The kitchen is my favorite space in the house, no doubt about that, and as a result of binge watching of The British Baking Show mixed with sheer boredom, I recently took up bread-making.

Bread. A staple of almost every meal across the globe. Such a simple and yet complex food that we often take for granted. Bread, in almost every culture, is one of the few foods that is considered a basic need.

I don’t know about you, but when I think about all my favorite restaurants, the ones that serve free bread with butter somehow find their way to the top of my list. Growing up in a household that obsessed over finding the perfect bread, be it French bread or pita bread, I’ve learned to LOVE bread, probably a little too much.

With my newfound passion for baking bread, I’ve discovered a couple things:

1) Making bread is not like making cake (obvious to some, but not to me)

2) A mistake as small as ½ a teaspoon of the wrong ingredient could be disastrous

Yes, I know, I have no clue what I’m doing! I will say though, that my first couple of attempts at making bread were not half bad (my husband can attest to that). However, more than just continuing my family lineage of bread-obsession, I have learned an important spiritual lesson.

Instant gratification is for fools.

If you love instant gratification, don’t bake bread. What I quickly discovered about bread-making is that it requires patience and long-suffering (literally).

The dough has to be made, kneaded and then left to “rest” and “rise” slowly, very slowly. This resting and rising process could take 3 hours, it could also take 12 hours, it depends on the outcome you are looking for. If you get impatient and bake your bread too early, as soon as you put it in the oven, it won’t rise. All your hard work making and kneading your dough will sadly amount to a flat loaf of something possibly edible, but I dare not call it bread. Bread-dough needs to rest in order for the yeast to do its work and your bread to rise.

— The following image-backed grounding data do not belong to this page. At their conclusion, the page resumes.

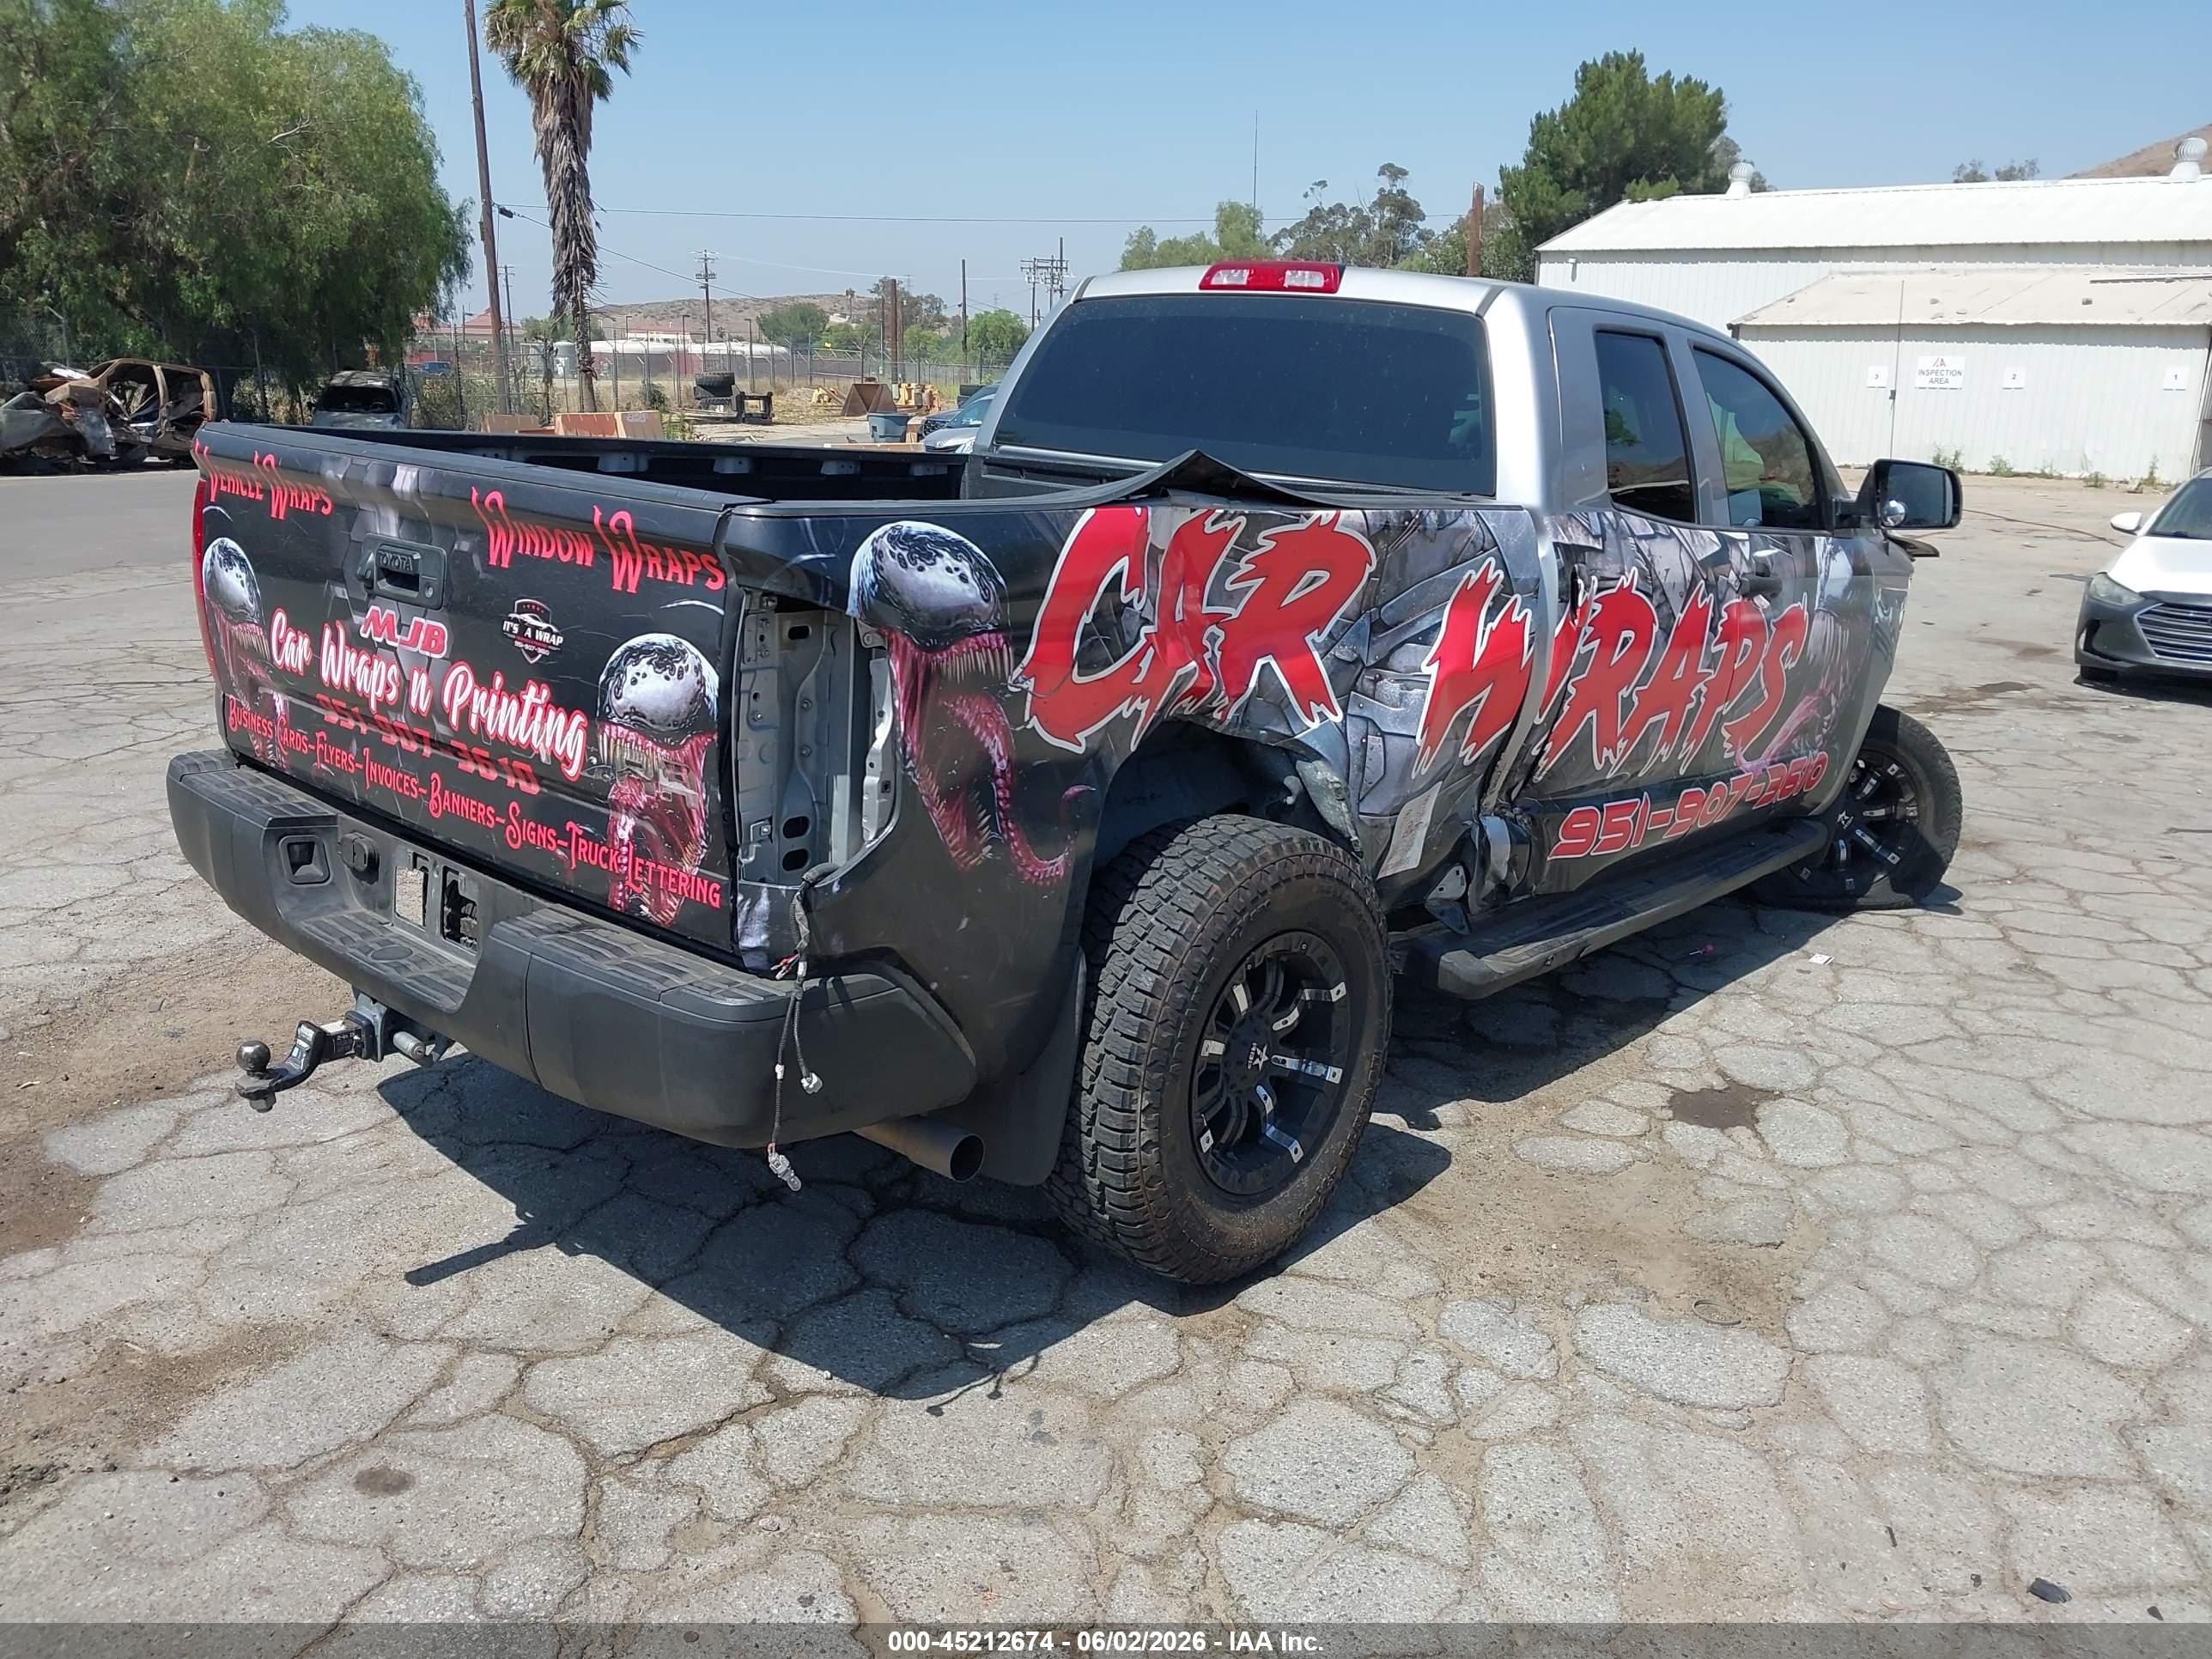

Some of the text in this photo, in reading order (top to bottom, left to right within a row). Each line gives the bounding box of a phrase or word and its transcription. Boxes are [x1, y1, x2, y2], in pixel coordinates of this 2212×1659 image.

[378, 550, 413, 571] TOYOTA
[360, 605, 447, 659] MJB
[502, 620, 520, 634] IT'S
[524, 627, 532, 638] A
[535, 629, 563, 646] WRAP
[1007, 506, 1808, 782] CAR WRAPS
[270, 607, 588, 781] Car Wraps n Printing
[1547, 751, 1828, 860] 951-907-3610

Full disclosure, I don’t really know what the yeast is doing or how it makes the dough rise, but I know that the way the dough looks before and after it has “proved” is completely different. If I give my dough enough time to prove, when I put it in the oven and it’s met with extreme heat, rather than collapsing, it rises.

Often times in life I foolishly forget this important lesson. I say a quick prayer and include all the “right” words and then expect a quick fix, an easy solution to my bad habit or my uncomfortable circumstances, or worse, a perfect life.

How often has that actually worked for me? Zero, zero times.

The Holy Spirit is like the yeast, He is a gift given to us by God to work in us in order to make sure we rise (isn’t that a beautiful thing). His work in me takes time. Proving of my character, so to speak, is never a quick process, just like proving my bread dough. If I become inpatient and take matters into my own hands (which I foolishly do a lot), I tend to mess it all up. Adding yeast to my dough is a critical part of the bread-making process, but it isn’t enough to just throw it in, I have to give it time to work.

In the same way, saying a prayer or asking the Holy Spirit to change me is critical to the process of my sanctification, but the prayer on its own, is not enough, I have to give the Holy Spirit time to work in me.

There is no “express” button on yeast, (though now they have instant yeast, but trust me, the word “instant” is deceiving). There is also no “express” button for the Holy Spirit. He is working in us, actively and faithfully to make sure when we are tested by the fire, we will indeed rise. That kind of work takes time.

A journey of sanctification by the Holy Spirit is not for the foolish, who seek instant gratification. Instead, it’s for the patient and long-suffering, much like making bread.